PROMPT: All entries below are to be returned exactly, with pictures left out.

[[ INFORMATION PROVIDED open ]]

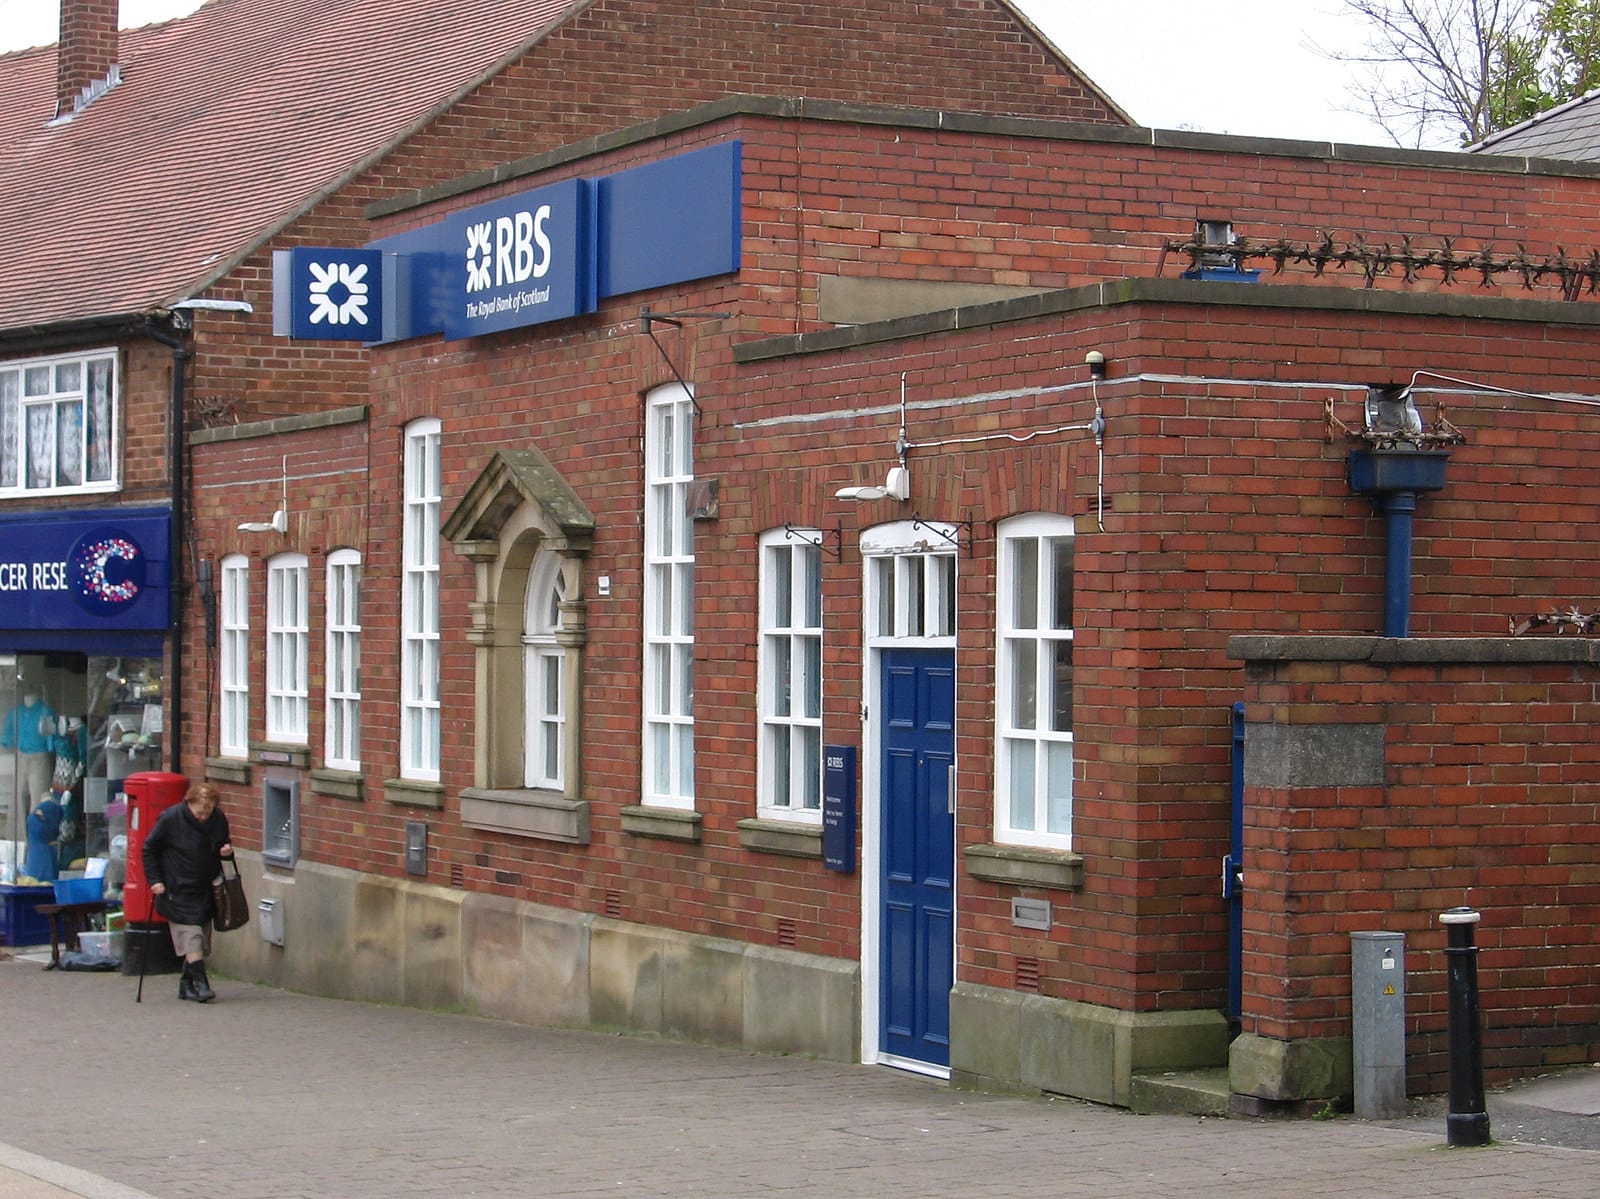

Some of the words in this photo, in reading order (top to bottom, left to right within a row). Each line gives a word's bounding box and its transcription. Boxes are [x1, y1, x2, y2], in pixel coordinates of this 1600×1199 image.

[496, 205, 551, 287] RBS
[466, 303, 478, 319] The
[478, 297, 496, 319] Royal
[496, 294, 512, 312] Bank
[512, 291, 521, 313] of
[520, 285, 550, 307] Scotland
[0, 563, 27, 590] CER
[33, 562, 69, 590] RESE
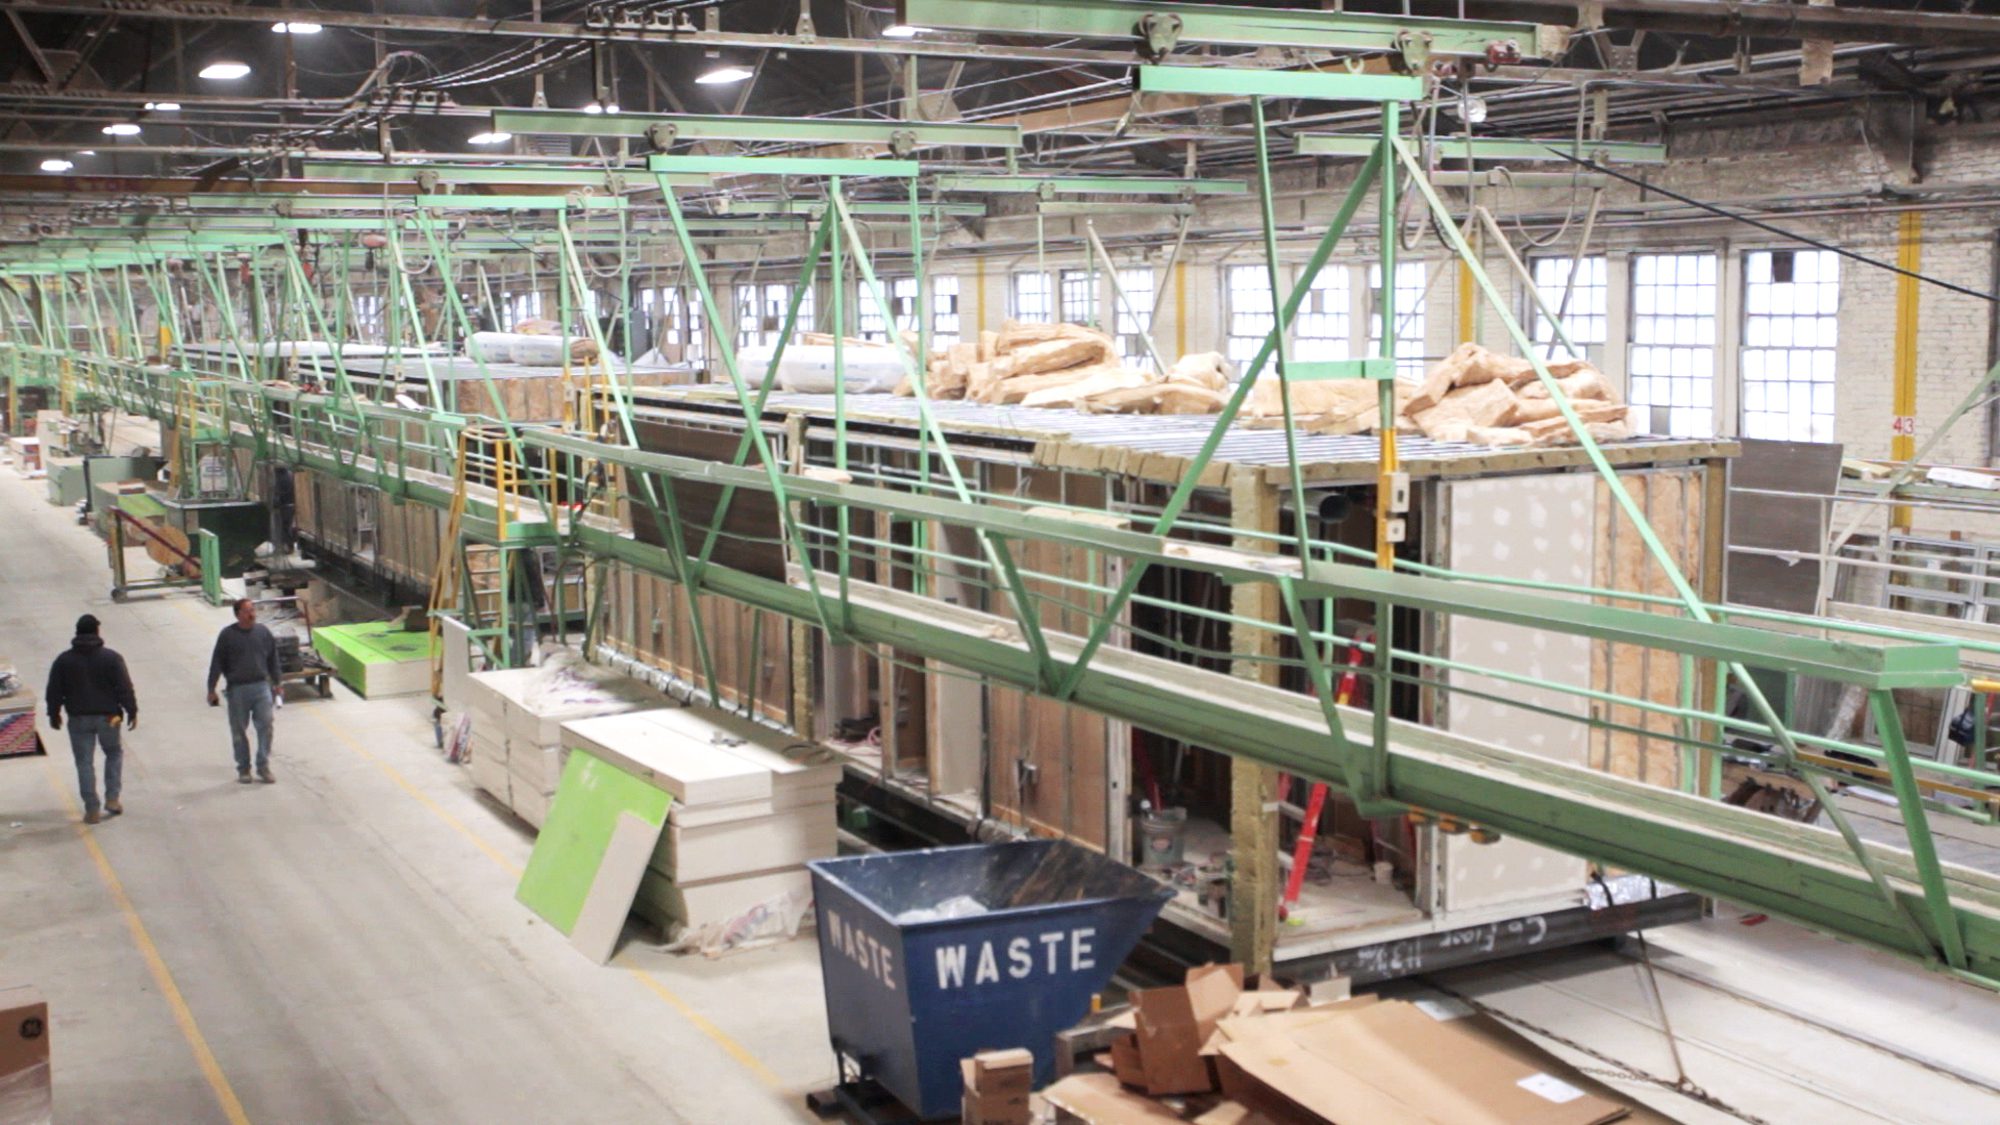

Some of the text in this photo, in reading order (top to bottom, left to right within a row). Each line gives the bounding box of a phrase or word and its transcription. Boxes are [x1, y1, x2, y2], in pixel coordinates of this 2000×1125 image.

[1893, 416, 1914, 434] 43
[828, 910, 896, 990] WASTE
[935, 927, 1096, 990] WASTE
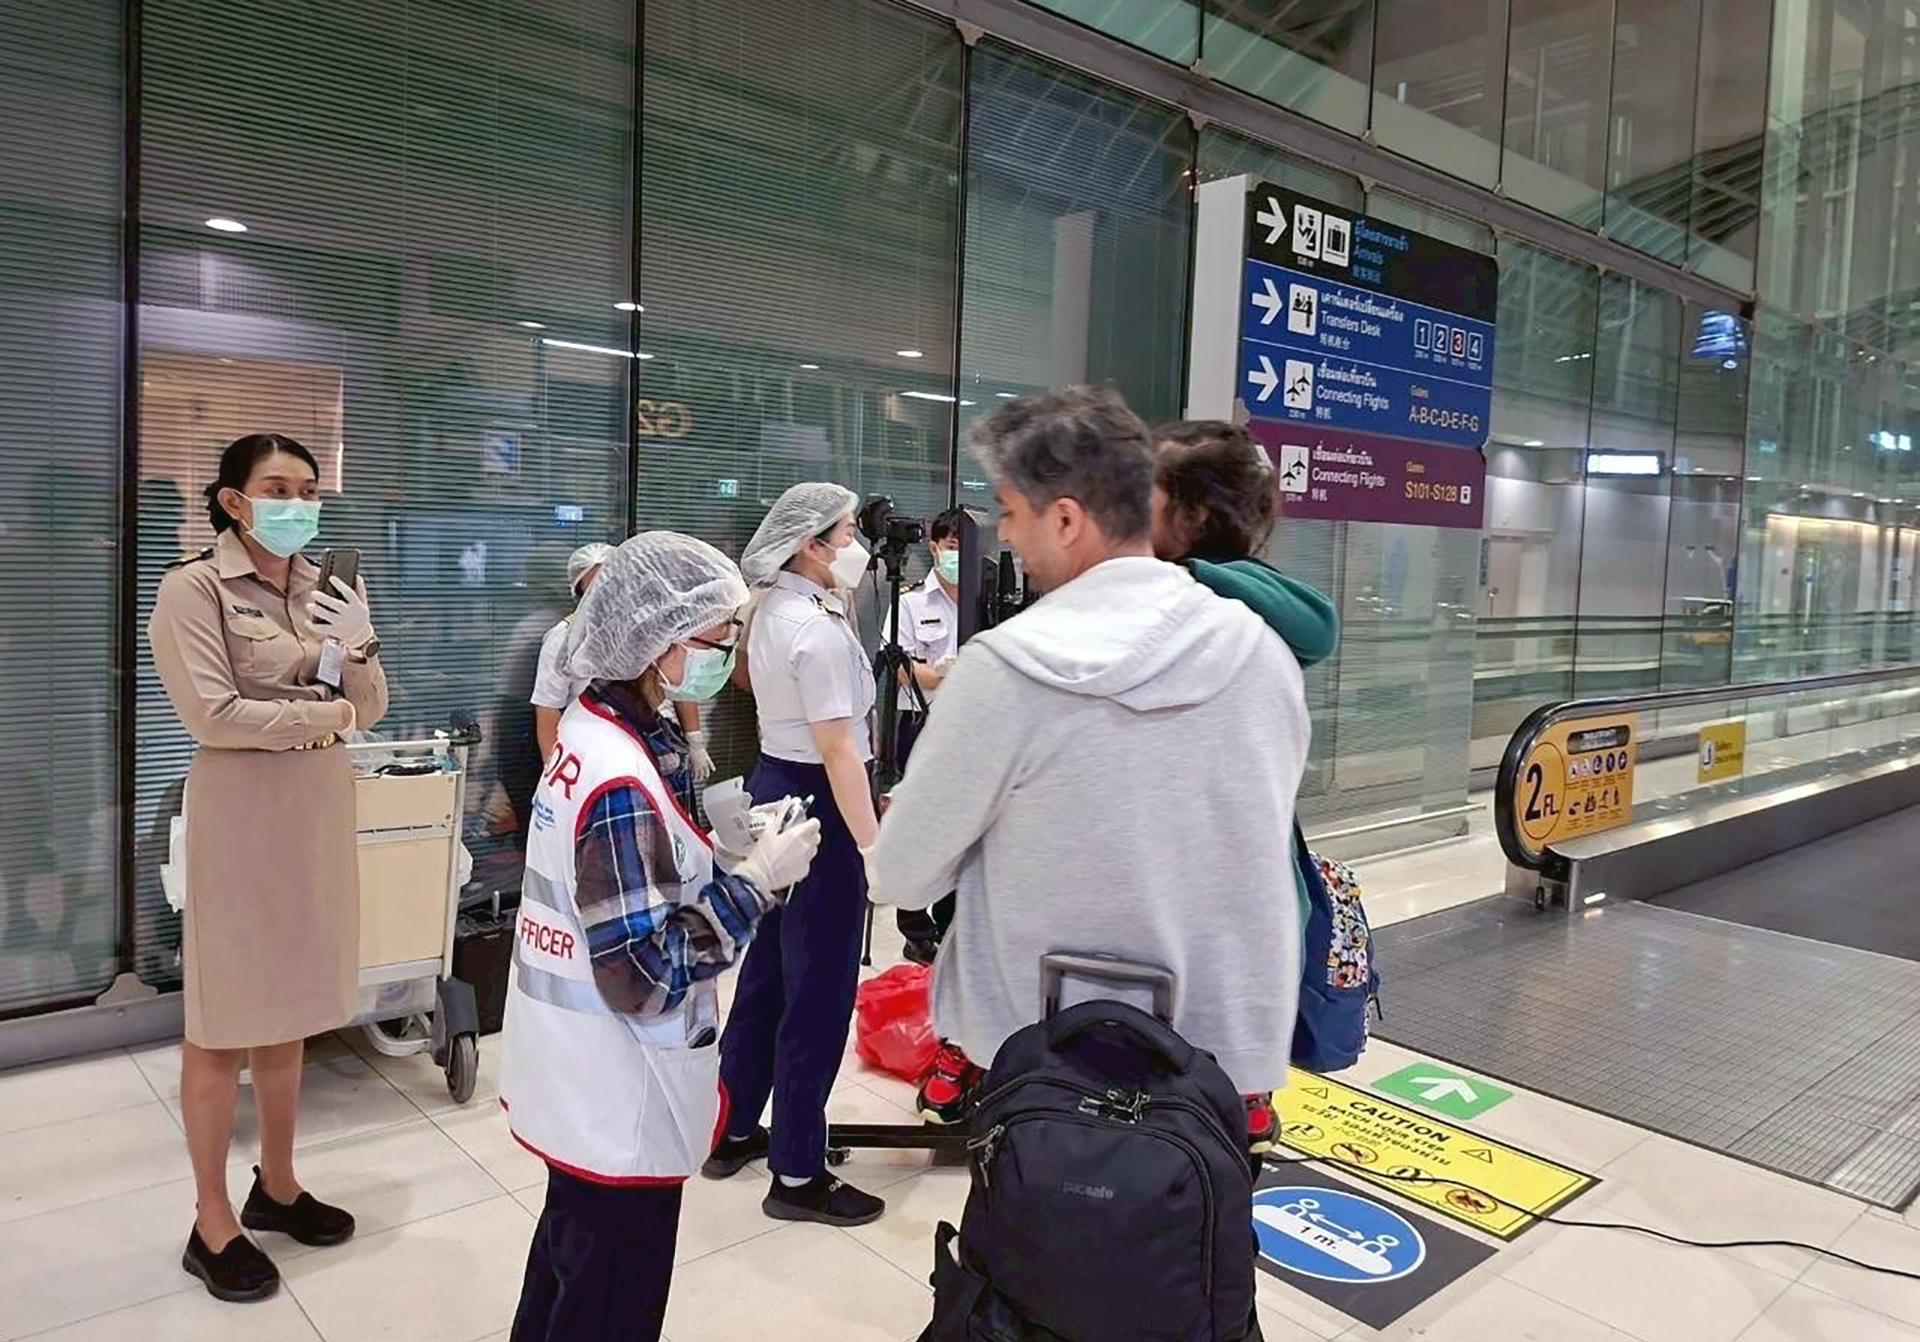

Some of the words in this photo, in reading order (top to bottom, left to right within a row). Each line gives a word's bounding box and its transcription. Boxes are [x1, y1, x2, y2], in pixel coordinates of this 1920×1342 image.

[1321, 310, 1360, 333] Transfers
[1360, 319, 1382, 337] Desk
[1419, 327, 1426, 344] 1
[1436, 330, 1445, 348] 2
[1454, 333, 1462, 351] 3
[1471, 338, 1479, 356] 4
[1316, 384, 1362, 409] Connecting
[1363, 392, 1390, 412] Flights
[1408, 405, 1479, 432] A-B-C-D-E-F-G
[1312, 467, 1359, 488] Connecting
[1360, 471, 1386, 489] Flights
[1525, 763, 1542, 821] 2
[1327, 1105, 1371, 1124] WATCH
[1374, 1122, 1410, 1140] YOUR
[1412, 1137, 1446, 1152] STEP
[1349, 1101, 1452, 1142] CAUTION
[1300, 1226, 1311, 1234] 1

[[ INFORMATION PROVIDED closed ]]

EXERCISE SOLUTION:
Some of the words in this photo, in reading order (top to bottom, left to right within a row). Each line gives a word's bounding box and its transcription. Boxes are [x1, y1, x2, y2], in pixel coordinates of this 1600×1199 image.

[496, 205, 551, 287] RBS
[466, 303, 478, 319] The
[478, 297, 496, 319] Royal
[496, 294, 512, 312] Bank
[512, 291, 521, 313] of
[520, 285, 550, 307] Scotland
[0, 563, 27, 590] CER
[33, 562, 69, 590] RESE

Some of the text in this photo, in reading order (top to bottom, left to right within a row). Each line gives the bounding box of a phrase or word and its transcription. Boxes are [x1, y1, x2, y2], in pixel coordinates of this 2000×1125 image.

[1893, 416, 1914, 434] 43
[828, 910, 896, 990] WASTE
[935, 927, 1096, 990] WASTE

Some of the words in this photo, in reading order (top to bottom, left to right within a row). Each line gives a word's bounding box and its transcription. Boxes are [x1, y1, x2, y2], in pixel coordinates of this 1920×1342 image.

[1321, 310, 1360, 333] Transfers
[1360, 319, 1382, 337] Desk
[1419, 327, 1426, 344] 1
[1436, 330, 1445, 348] 2
[1454, 333, 1462, 351] 3
[1471, 338, 1479, 356] 4
[1316, 384, 1362, 409] Connecting
[1363, 392, 1390, 412] Flights
[1408, 405, 1479, 432] A-B-C-D-E-F-G
[1312, 467, 1359, 488] Connecting
[1360, 471, 1386, 489] Flights
[1525, 763, 1542, 821] 2
[1327, 1105, 1371, 1124] WATCH
[1374, 1122, 1410, 1140] YOUR
[1412, 1137, 1446, 1152] STEP
[1349, 1101, 1452, 1142] CAUTION
[1300, 1226, 1311, 1234] 1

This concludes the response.